**WHAT YOU WILL DO**.
Please output exactly the lines from the one containing "this 2000×1334 image." through the last line of the records, both included.

**DATASET CONTENT**.
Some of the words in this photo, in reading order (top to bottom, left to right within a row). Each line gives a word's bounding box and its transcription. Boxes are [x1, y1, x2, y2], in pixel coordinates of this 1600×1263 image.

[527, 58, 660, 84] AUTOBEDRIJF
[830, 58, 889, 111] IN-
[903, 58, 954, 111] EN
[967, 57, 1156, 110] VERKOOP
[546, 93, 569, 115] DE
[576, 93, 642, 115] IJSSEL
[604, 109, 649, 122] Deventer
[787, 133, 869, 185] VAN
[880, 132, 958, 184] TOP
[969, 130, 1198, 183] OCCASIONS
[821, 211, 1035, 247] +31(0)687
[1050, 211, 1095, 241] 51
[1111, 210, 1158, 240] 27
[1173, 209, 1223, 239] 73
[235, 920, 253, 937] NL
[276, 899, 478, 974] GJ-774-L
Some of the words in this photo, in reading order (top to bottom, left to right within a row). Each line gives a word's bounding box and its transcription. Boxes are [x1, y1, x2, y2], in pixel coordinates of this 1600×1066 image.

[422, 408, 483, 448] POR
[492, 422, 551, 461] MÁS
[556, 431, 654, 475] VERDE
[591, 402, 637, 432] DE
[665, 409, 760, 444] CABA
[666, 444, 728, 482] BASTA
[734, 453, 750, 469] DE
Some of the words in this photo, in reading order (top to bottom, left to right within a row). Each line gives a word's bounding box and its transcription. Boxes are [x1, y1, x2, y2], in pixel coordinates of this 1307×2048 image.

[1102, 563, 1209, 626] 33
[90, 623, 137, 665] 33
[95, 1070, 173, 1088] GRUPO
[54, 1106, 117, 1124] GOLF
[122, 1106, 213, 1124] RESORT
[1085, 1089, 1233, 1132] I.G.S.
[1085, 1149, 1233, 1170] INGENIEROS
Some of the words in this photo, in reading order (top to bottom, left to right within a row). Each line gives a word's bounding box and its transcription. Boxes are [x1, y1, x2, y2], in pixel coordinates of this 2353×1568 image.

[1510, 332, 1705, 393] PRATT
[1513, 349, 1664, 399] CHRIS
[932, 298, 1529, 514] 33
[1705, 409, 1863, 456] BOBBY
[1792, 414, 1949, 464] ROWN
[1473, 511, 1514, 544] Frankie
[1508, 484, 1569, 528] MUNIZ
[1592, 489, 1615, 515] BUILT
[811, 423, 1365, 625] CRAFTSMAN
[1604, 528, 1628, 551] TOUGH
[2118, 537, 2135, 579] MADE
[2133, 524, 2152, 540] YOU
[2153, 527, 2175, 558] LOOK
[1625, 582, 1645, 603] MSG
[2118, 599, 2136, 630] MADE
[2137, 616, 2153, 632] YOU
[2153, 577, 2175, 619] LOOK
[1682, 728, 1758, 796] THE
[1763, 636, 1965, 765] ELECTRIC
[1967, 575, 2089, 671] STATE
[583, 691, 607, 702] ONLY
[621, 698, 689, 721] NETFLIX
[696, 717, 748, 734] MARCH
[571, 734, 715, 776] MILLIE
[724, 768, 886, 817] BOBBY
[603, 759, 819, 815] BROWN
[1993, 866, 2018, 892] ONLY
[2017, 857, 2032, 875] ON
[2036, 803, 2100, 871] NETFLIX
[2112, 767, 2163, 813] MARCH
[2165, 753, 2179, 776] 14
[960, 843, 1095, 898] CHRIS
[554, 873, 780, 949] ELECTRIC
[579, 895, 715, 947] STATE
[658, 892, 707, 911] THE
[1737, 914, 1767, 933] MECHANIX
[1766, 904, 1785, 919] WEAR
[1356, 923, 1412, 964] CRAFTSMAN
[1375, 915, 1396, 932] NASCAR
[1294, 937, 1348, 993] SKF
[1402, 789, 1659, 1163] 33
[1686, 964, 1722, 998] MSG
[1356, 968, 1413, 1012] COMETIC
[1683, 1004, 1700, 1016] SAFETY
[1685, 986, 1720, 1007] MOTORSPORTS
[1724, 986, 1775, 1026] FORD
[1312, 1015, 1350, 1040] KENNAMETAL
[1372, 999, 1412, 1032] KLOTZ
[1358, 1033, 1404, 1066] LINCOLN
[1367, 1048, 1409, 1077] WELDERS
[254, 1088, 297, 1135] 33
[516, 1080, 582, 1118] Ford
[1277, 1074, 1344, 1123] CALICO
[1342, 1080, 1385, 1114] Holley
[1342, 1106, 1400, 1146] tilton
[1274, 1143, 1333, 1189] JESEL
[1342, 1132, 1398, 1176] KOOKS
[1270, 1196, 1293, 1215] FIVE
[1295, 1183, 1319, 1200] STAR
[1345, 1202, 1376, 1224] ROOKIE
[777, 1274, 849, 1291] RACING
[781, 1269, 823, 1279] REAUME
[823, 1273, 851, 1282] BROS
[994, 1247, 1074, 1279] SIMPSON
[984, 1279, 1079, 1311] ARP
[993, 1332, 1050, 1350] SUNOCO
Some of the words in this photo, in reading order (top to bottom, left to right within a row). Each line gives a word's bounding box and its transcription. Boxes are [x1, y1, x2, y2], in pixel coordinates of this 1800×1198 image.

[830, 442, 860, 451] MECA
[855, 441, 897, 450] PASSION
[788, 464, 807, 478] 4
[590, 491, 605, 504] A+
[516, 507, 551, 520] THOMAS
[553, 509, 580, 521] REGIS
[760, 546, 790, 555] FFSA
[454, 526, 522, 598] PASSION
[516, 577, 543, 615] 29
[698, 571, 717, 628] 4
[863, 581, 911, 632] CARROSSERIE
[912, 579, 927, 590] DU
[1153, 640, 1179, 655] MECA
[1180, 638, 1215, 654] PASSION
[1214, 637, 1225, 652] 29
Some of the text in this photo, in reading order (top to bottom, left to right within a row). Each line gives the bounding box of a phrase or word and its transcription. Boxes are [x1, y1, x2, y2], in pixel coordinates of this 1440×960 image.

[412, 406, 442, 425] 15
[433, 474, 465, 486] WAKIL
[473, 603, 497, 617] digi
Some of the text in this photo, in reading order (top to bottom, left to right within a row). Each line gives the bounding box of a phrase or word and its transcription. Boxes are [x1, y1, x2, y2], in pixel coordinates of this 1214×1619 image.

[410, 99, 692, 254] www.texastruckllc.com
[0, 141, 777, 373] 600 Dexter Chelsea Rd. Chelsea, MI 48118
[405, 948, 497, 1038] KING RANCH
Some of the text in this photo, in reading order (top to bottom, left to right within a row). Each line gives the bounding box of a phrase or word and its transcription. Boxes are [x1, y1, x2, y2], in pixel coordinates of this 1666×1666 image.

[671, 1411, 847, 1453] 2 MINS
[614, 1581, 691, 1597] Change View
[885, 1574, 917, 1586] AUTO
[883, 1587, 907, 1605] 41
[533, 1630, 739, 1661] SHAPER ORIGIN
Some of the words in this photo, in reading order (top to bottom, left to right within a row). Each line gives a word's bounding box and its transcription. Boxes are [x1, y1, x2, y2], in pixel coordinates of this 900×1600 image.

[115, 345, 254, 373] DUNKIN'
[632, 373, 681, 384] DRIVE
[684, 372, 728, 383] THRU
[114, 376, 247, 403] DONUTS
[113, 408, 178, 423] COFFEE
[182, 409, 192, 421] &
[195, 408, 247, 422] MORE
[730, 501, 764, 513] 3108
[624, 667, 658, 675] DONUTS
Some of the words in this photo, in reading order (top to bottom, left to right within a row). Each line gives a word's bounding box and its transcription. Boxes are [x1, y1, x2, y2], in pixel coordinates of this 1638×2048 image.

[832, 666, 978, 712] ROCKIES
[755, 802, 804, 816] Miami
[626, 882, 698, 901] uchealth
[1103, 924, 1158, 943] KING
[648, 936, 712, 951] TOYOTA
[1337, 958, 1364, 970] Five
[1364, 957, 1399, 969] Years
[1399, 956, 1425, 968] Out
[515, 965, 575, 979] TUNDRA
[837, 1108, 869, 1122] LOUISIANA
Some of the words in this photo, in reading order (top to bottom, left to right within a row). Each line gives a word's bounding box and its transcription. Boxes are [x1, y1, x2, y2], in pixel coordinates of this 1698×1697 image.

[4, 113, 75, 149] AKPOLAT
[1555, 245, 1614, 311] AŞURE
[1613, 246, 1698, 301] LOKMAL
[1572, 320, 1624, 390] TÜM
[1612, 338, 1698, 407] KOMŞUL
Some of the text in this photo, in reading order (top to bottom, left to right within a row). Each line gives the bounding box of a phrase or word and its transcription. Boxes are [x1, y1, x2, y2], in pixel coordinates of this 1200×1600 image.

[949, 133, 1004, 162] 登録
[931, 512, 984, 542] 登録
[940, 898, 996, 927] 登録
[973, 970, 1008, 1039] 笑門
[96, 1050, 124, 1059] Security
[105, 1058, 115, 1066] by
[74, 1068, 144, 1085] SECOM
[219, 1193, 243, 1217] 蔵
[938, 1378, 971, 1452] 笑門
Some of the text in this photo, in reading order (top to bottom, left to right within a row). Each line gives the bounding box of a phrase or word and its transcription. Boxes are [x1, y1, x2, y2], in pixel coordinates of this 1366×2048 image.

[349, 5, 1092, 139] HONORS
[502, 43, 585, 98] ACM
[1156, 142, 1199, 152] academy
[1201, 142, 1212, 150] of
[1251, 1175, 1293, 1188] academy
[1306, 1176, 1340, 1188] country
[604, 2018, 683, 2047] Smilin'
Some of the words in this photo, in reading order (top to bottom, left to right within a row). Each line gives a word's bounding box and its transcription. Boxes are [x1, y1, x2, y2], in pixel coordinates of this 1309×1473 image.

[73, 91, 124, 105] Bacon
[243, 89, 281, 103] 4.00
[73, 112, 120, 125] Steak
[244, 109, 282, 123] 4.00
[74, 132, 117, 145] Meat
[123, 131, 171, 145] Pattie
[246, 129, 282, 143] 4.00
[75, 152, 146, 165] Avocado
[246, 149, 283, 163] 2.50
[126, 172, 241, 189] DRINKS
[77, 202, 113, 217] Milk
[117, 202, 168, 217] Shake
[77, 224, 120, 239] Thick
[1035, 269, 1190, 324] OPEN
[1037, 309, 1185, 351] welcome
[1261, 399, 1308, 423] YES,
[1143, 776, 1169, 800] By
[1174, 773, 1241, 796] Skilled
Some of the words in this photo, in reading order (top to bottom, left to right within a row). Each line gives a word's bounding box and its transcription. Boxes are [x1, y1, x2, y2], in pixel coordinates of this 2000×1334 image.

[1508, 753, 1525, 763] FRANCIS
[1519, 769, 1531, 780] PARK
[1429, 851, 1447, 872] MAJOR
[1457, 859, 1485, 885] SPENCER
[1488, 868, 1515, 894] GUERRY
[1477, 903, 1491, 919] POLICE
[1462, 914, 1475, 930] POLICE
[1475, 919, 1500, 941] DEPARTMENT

**WRITTEN SOLUTION**.
Some of the words in this photo, in reading order (top to bottom, left to right within a row). Each line gives a word's bounding box and its transcription. Boxes are [x1, y1, x2, y2], in pixel coordinates of this 2000×1334 image.

[1508, 753, 1525, 763] FRANCIS
[1519, 769, 1531, 780] PARK
[1429, 851, 1447, 872] MAJOR
[1457, 859, 1485, 885] SPENCER
[1488, 868, 1515, 894] GUERRY
[1477, 903, 1491, 919] POLICE
[1462, 914, 1475, 930] POLICE
[1475, 919, 1500, 941] DEPARTMENT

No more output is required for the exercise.